* _Required work_
Repeat the entries without change, omitting the pictures.

START Data provided

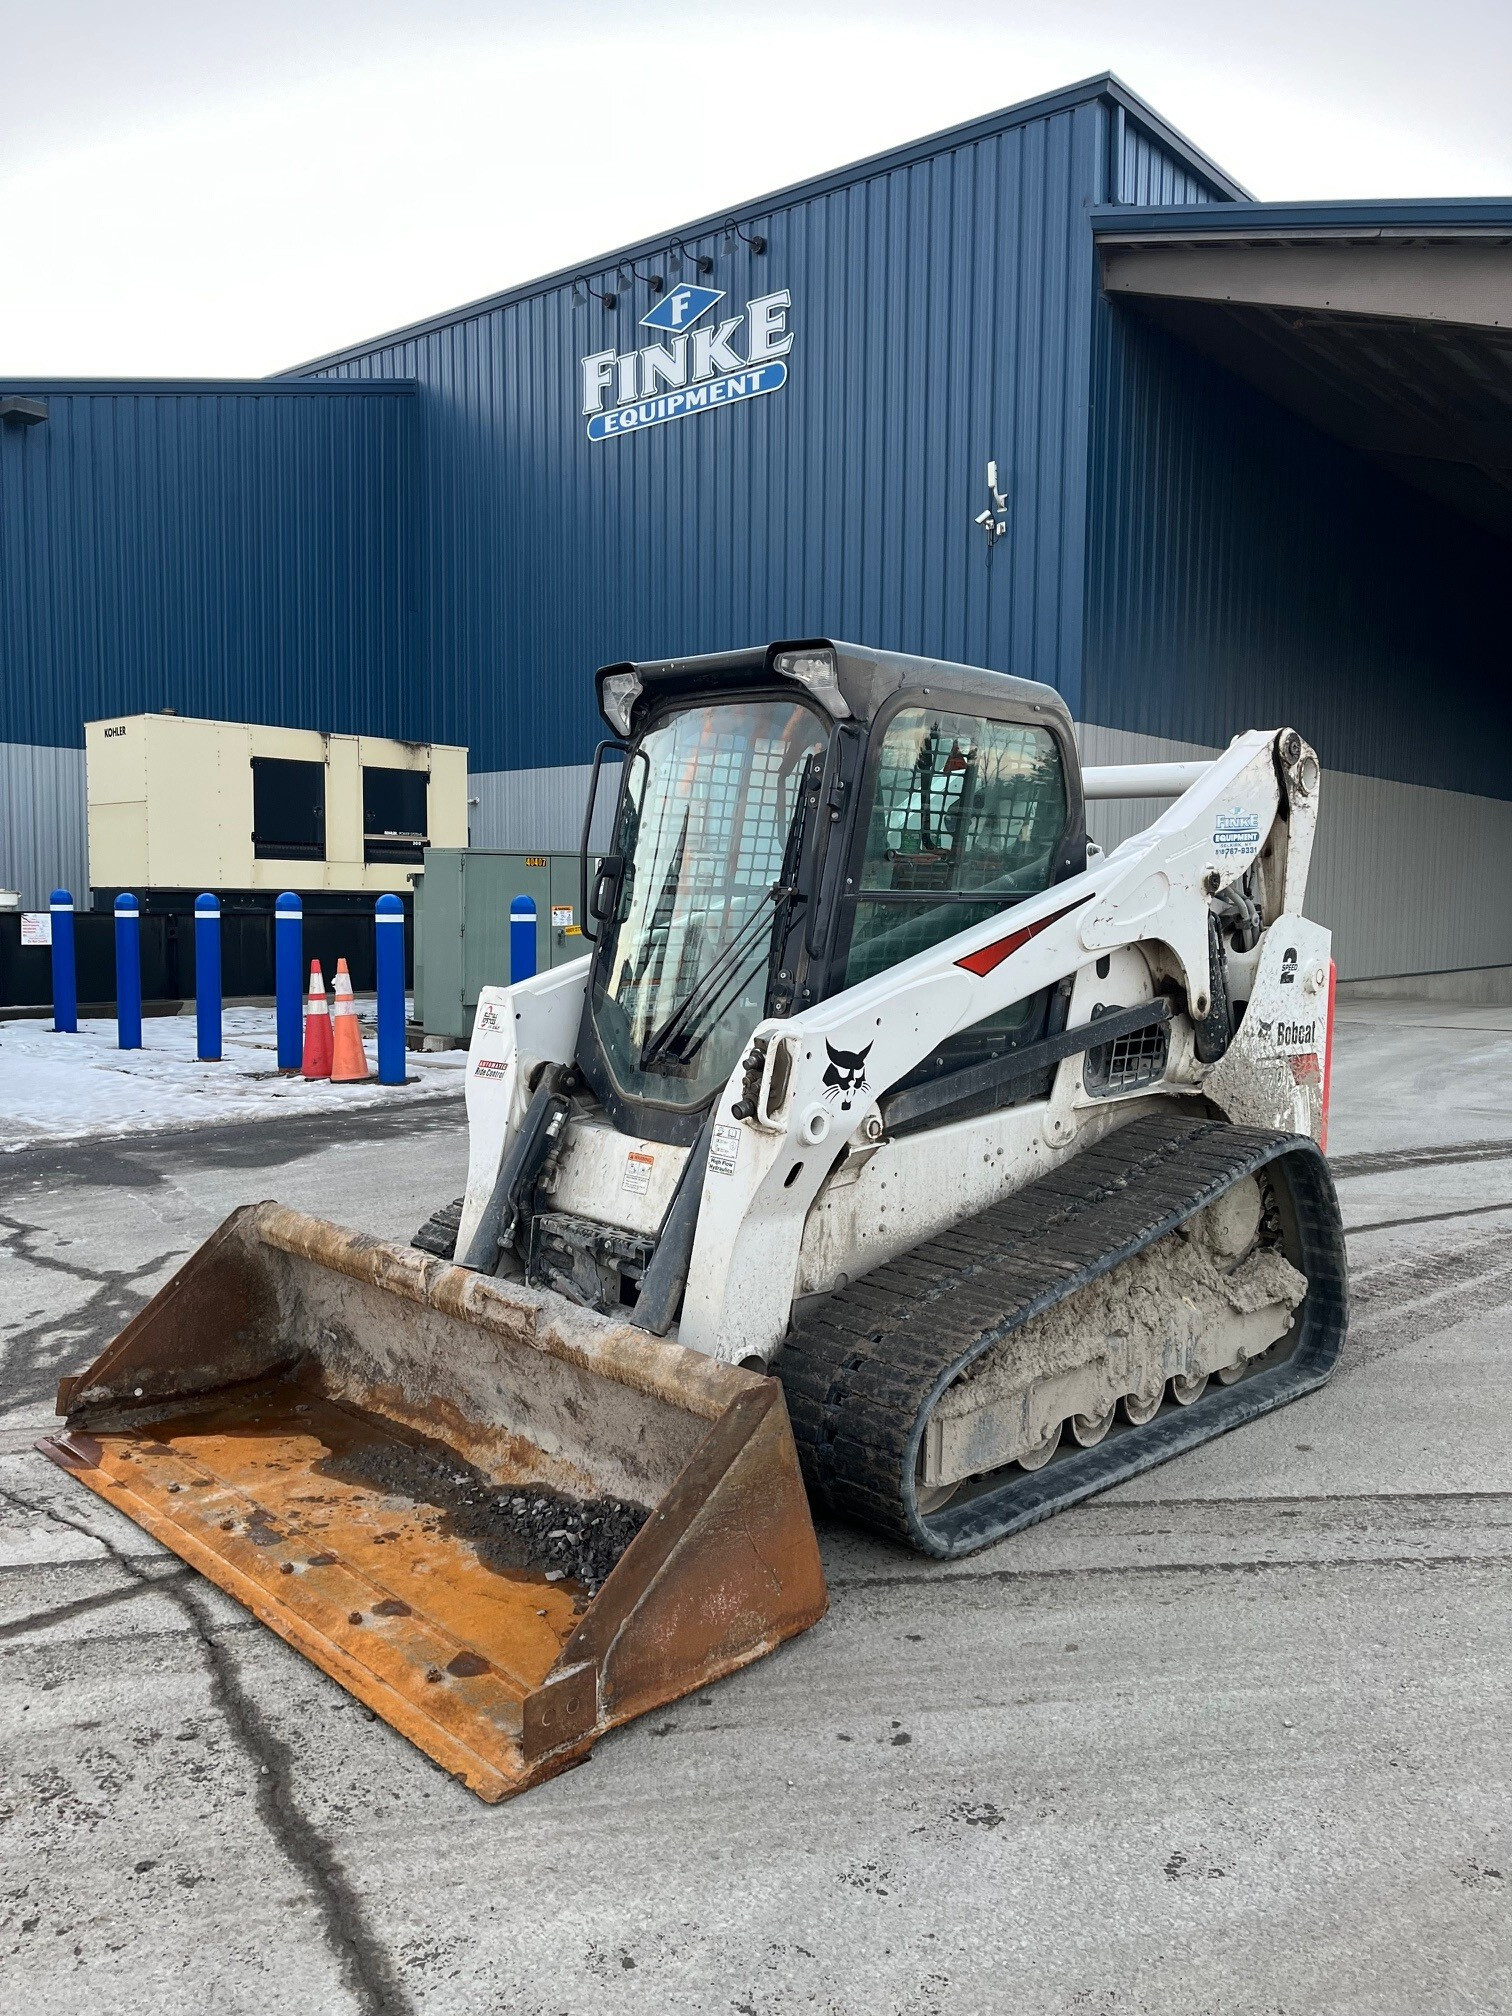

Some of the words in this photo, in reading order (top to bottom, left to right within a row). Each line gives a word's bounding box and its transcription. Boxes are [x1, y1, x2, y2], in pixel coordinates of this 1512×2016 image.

[671, 291, 691, 326] F
[581, 289, 794, 415] FINKE
[604, 370, 766, 433] EQUIPMENT
[104, 725, 127, 738] KOHLER
[1215, 814, 1259, 828] FINKE
[1214, 834, 1258, 842] EQUIPMENT
[1281, 963, 1299, 972] SPEED
[1277, 1021, 1316, 1046] Bobcat
[479, 1061, 508, 1070] AUTOMATIC
[475, 1067, 487, 1077] Ride
[486, 1068, 506, 1079] Control
[722, 1159, 734, 1167] Flow

END Data provided

* _Output for this exercise_
Some of the words in this photo, in reading order (top to bottom, left to right within a row). Each line gives a word's bounding box and its transcription. Boxes are [x1, y1, x2, y2], in pixel coordinates of this 1512×2016 image.

[671, 291, 691, 326] F
[581, 289, 794, 415] FINKE
[604, 370, 766, 433] EQUIPMENT
[104, 725, 127, 738] KOHLER
[1215, 814, 1259, 828] FINKE
[1214, 834, 1258, 842] EQUIPMENT
[1281, 963, 1299, 972] SPEED
[1277, 1021, 1316, 1046] Bobcat
[479, 1061, 508, 1070] AUTOMATIC
[475, 1067, 487, 1077] Ride
[486, 1068, 506, 1079] Control
[722, 1159, 734, 1167] Flow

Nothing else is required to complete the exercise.